Aveva visto quel posto tante volte, ci si era
fermato spesso, ma non gli aveva mai dato granché importanza, anche perché si
trattava del luogo notoriamente più utilizzato per darsi appuntamenti o
incontrarsi con gli amici, tutte cose che lui non aveva mai potuto fare.
Eppure, una forza invisibile sembrava averlo
spinto fin lì, come se quello fosse stato il teatro di un evento importante,
forse legato a quei frammenti di memoria che non gli riusciva di recuperare.
Di nuovo, quel fischio alla testa minacciò di
assordarlo, ma per fortuna stavolta risultò più breve, anche se molto più
intenso e doloroso; era come se ogni attacco risvegliasse una parte di ricordi
perduti, e senza sapere perché Yugi si portò proprio
sotto l’orologio.
Improvvisamente, come se avesse percepito una
minaccia, guardò verso l’alto, immaginandosi di vedere qualcosa sospeso sopra
la piazza, come una specie di enorme sfera che pulsava e si agitava come un
ammasso di carne viva.
Non ci stava capendo più niente. Avvertiva
paura, dubbio, incertezza, per cose che non riusciva a ricordare, e che
andavano ben oltre i limiti del possibile, se quei frammenti, che intanto si
stavano trasformando in una specie di brevi allucinazioni, fossero stati reali.
I mal di testa intanto continuavano senza
sosta, e ad ogni nuovo capogiro qualcosa diventava un po’ più chiaro.
Strani flash presero a farsi strada nella sua
mente. Ricordi forse, di avventure, battaglie; ma soprattutto, di amici. La
consapevolezza di avere qualcuno accanto.
Di colpo, Yugi
avvertì una sensazione stranissima, e mentre tutto attorno a lui diventava più
distante e intangibile di quanto non fosse mai stato, avvertì per la prima
volta da che aveva memoria di non essere solo.
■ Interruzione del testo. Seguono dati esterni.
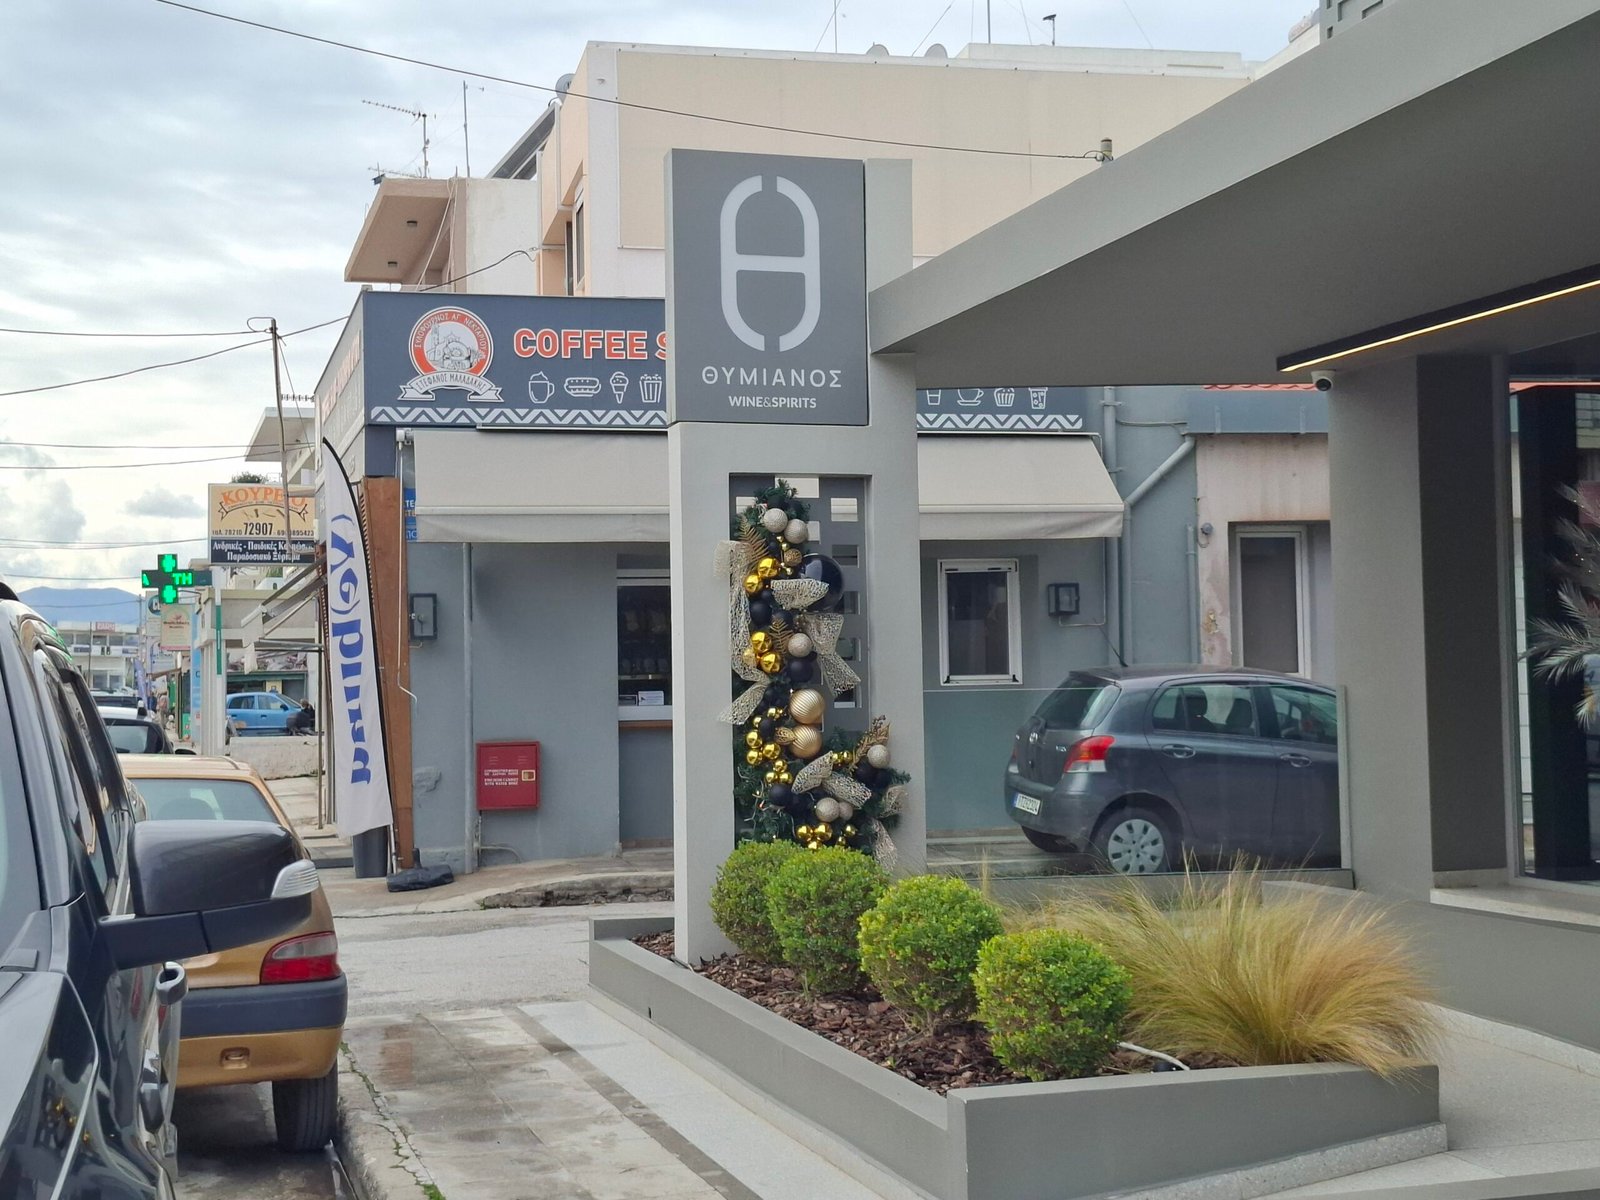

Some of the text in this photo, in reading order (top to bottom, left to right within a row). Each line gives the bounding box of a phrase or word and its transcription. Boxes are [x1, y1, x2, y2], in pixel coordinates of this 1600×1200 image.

[513, 328, 648, 360] COFFEE
[701, 365, 842, 388] ΘΥΜΙΑΝΟΣ
[728, 395, 817, 409] WINE&SPIRITS
[221, 486, 306, 507] ΚΟΥΡΕΟ
[243, 522, 273, 536] 72907
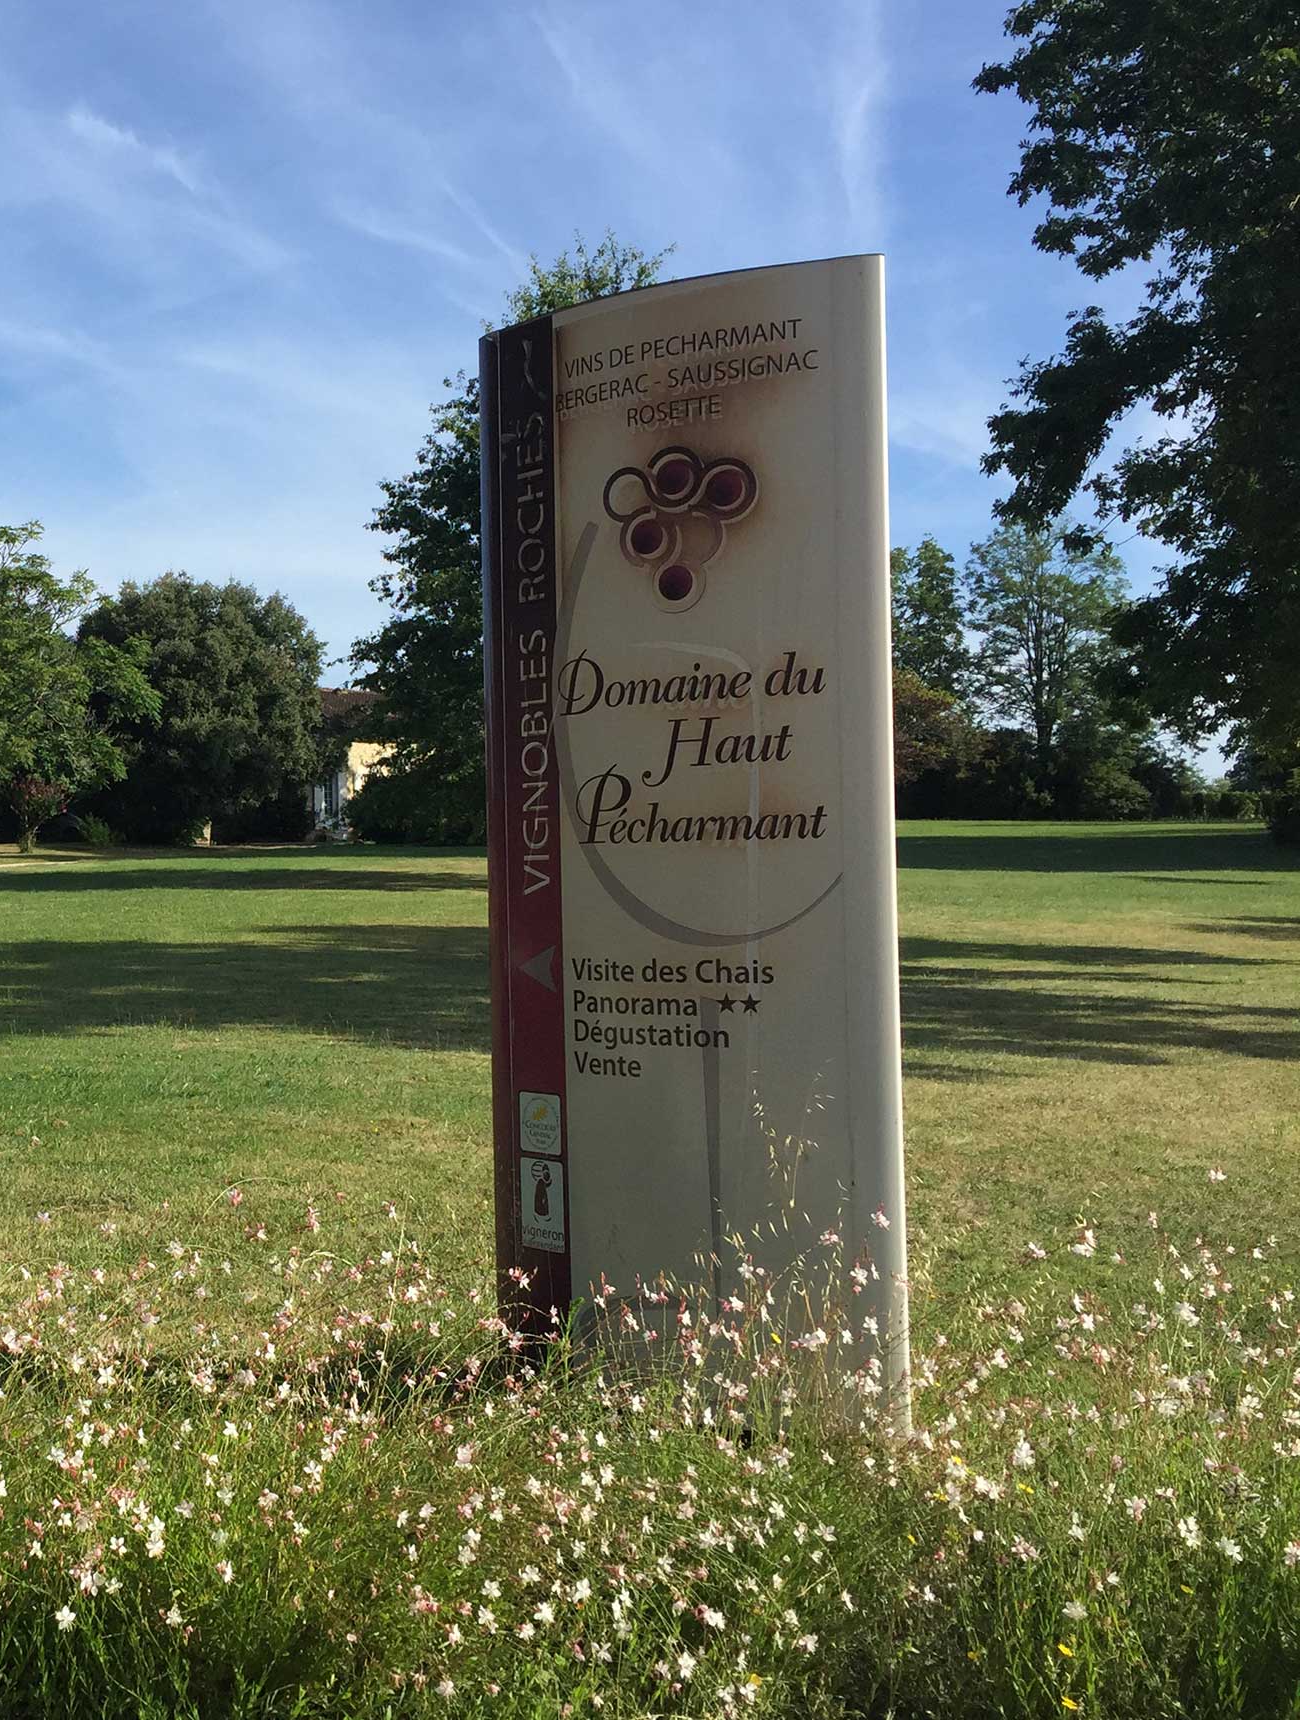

E non era solo in senso metaforico.
Aveva la sensazione vera, tangibile, che ci
fosse qualcuno accanto a lui, presenze eteree che non gli riusciva di vedere,
ma non per questo meno reali.
Erano tre. O forse quattro. No, sicuramente
erano tre.
«Noi…» disse
parlando al vuoto «Noi ci conosciamo?».
Seguì un lungo silenzio, come ci si
aspetterebbe da chi sta parlando da solo; ma poi, dopo essersi sforzato di
credere che potesse accadere, il ragazzino credette
di sentire una risposta, viva e tangibile come se chi parlava fosse stato
proprio di fronte a lui.
«Credo di sì.» disse una voce femminile.
Anzu, Honda e Jounouchi infatti erano lì, proprio accanto a lui, ma anche
se nessuno di loro vedeva l’altro o ne riconosceva la voce, sapevano di non
essere da soli, né di stare parlando con l’aria. Glielo diceva l’animo, lo
stesso che li aveva condotti lì contro la loro volontà, e che ora sembrava fare
di tutto per spingerli a ricordare.
Jounouchi si
sentiva un po’ stupido, e continuava a ripetersi che era tutto nella sua testa,
che in quel posto era da solo e che stava parlando col muro come uno svitato di
prim’ordine.
Honda invece, da inguaribile romantico,
cercava di pensare che era tutto vero, e che quelli che si agitavano nella sua
testa erano veri ricordi, che dovevano solo essere rimessi apposto.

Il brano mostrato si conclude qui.